Reta Beebe
Reta Beebe
grew up as the third of nine children on a working
farm near Boulder, Colorado - and she might never
have become an astronomer had it not been for the
insatiable ways of the 8th graders she was teaching
Earth Science to after her undergraduate degree.
There had to be an easier way to earn a living,
she figured, so she got her PhD in Astrophysics
at the University of Indiana. She became fascinated
by thoughts of what the climate is like on other
planets and has worked on planetary atmospheres
ever since, mostly at the New
Mexico State University. Currently, she is doing
research at NASA
headquarters. She participated at both NASA's
Voyager and Galileo missions.
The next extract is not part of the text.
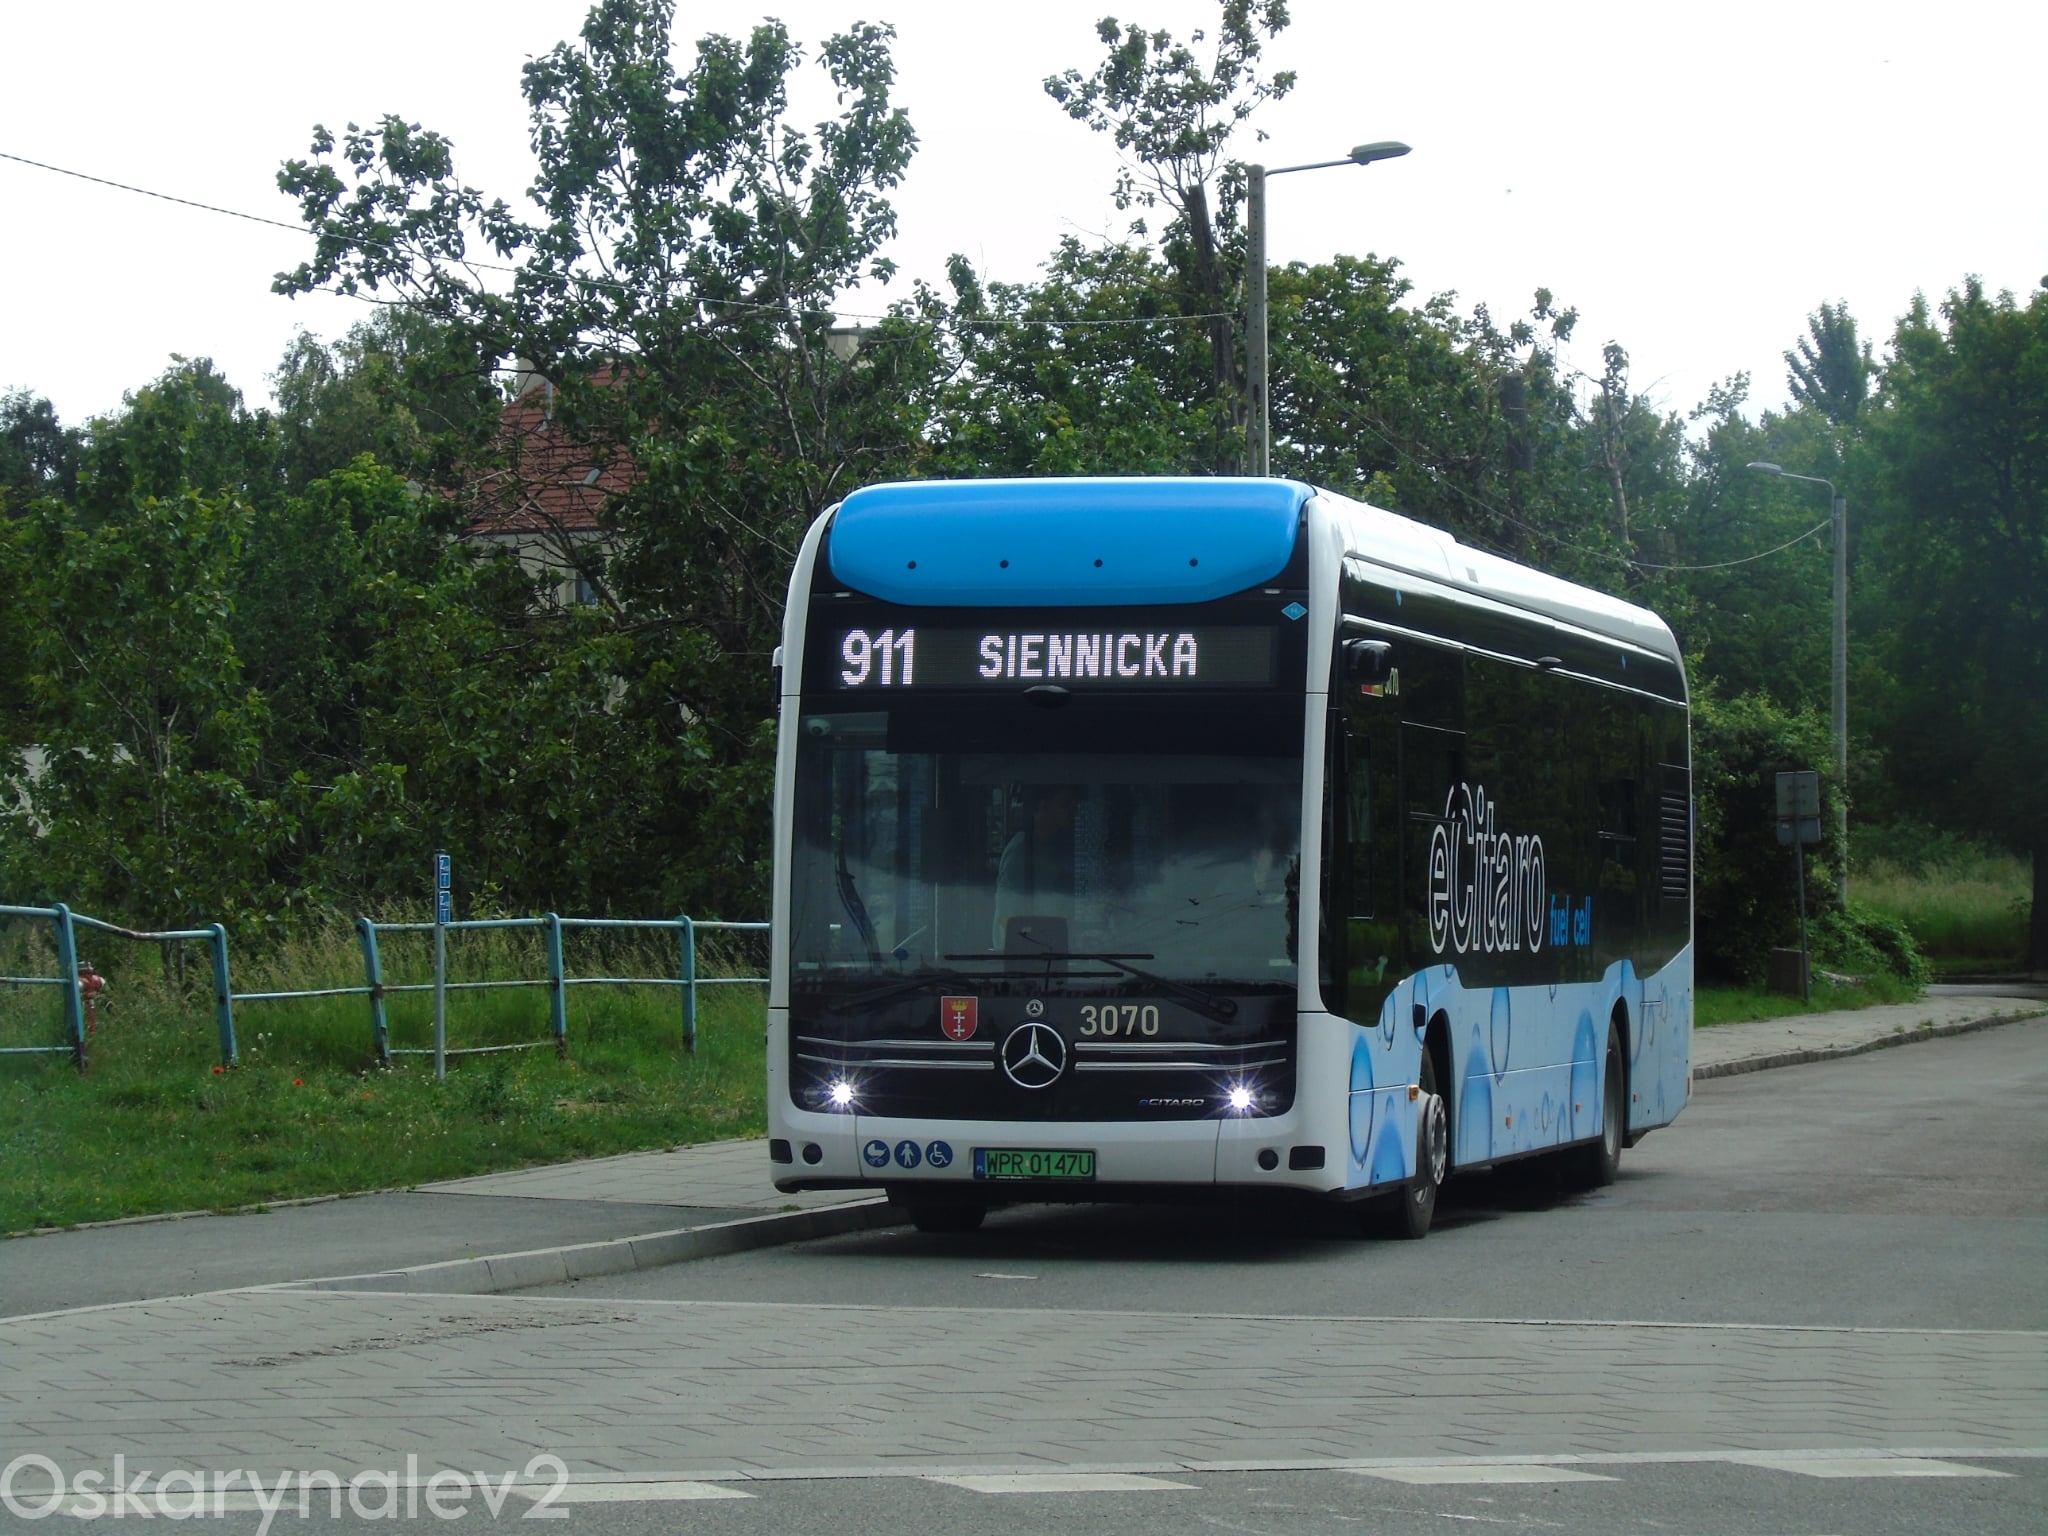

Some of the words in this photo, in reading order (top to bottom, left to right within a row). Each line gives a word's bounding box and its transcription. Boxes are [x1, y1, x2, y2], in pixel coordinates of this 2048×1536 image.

The question that
bothers her is not wheter there is other life in
the universe (she thinks there is somewhere, although
she does not expect to meet an alien on good ole
Earth any time soon), but whether a civilization
on a hospitable planet can rake up enough of its
resources to venture into space and develop a self-sustaining
colony. She is not too sure that earthlings will
accomplish that.
Actually, she is quite fond of our mother planet,
though. She loves the outdoors as well as gardening
and cooking, and spends a lot of time restoring
an old adobe house in the Rio Grande Valley.There
she can relax and contemplate the bigger and smaller
successes of planetary astronomy in recent decades,
including her personal triumphs like the one time
she was giving a presentation at an elementary school.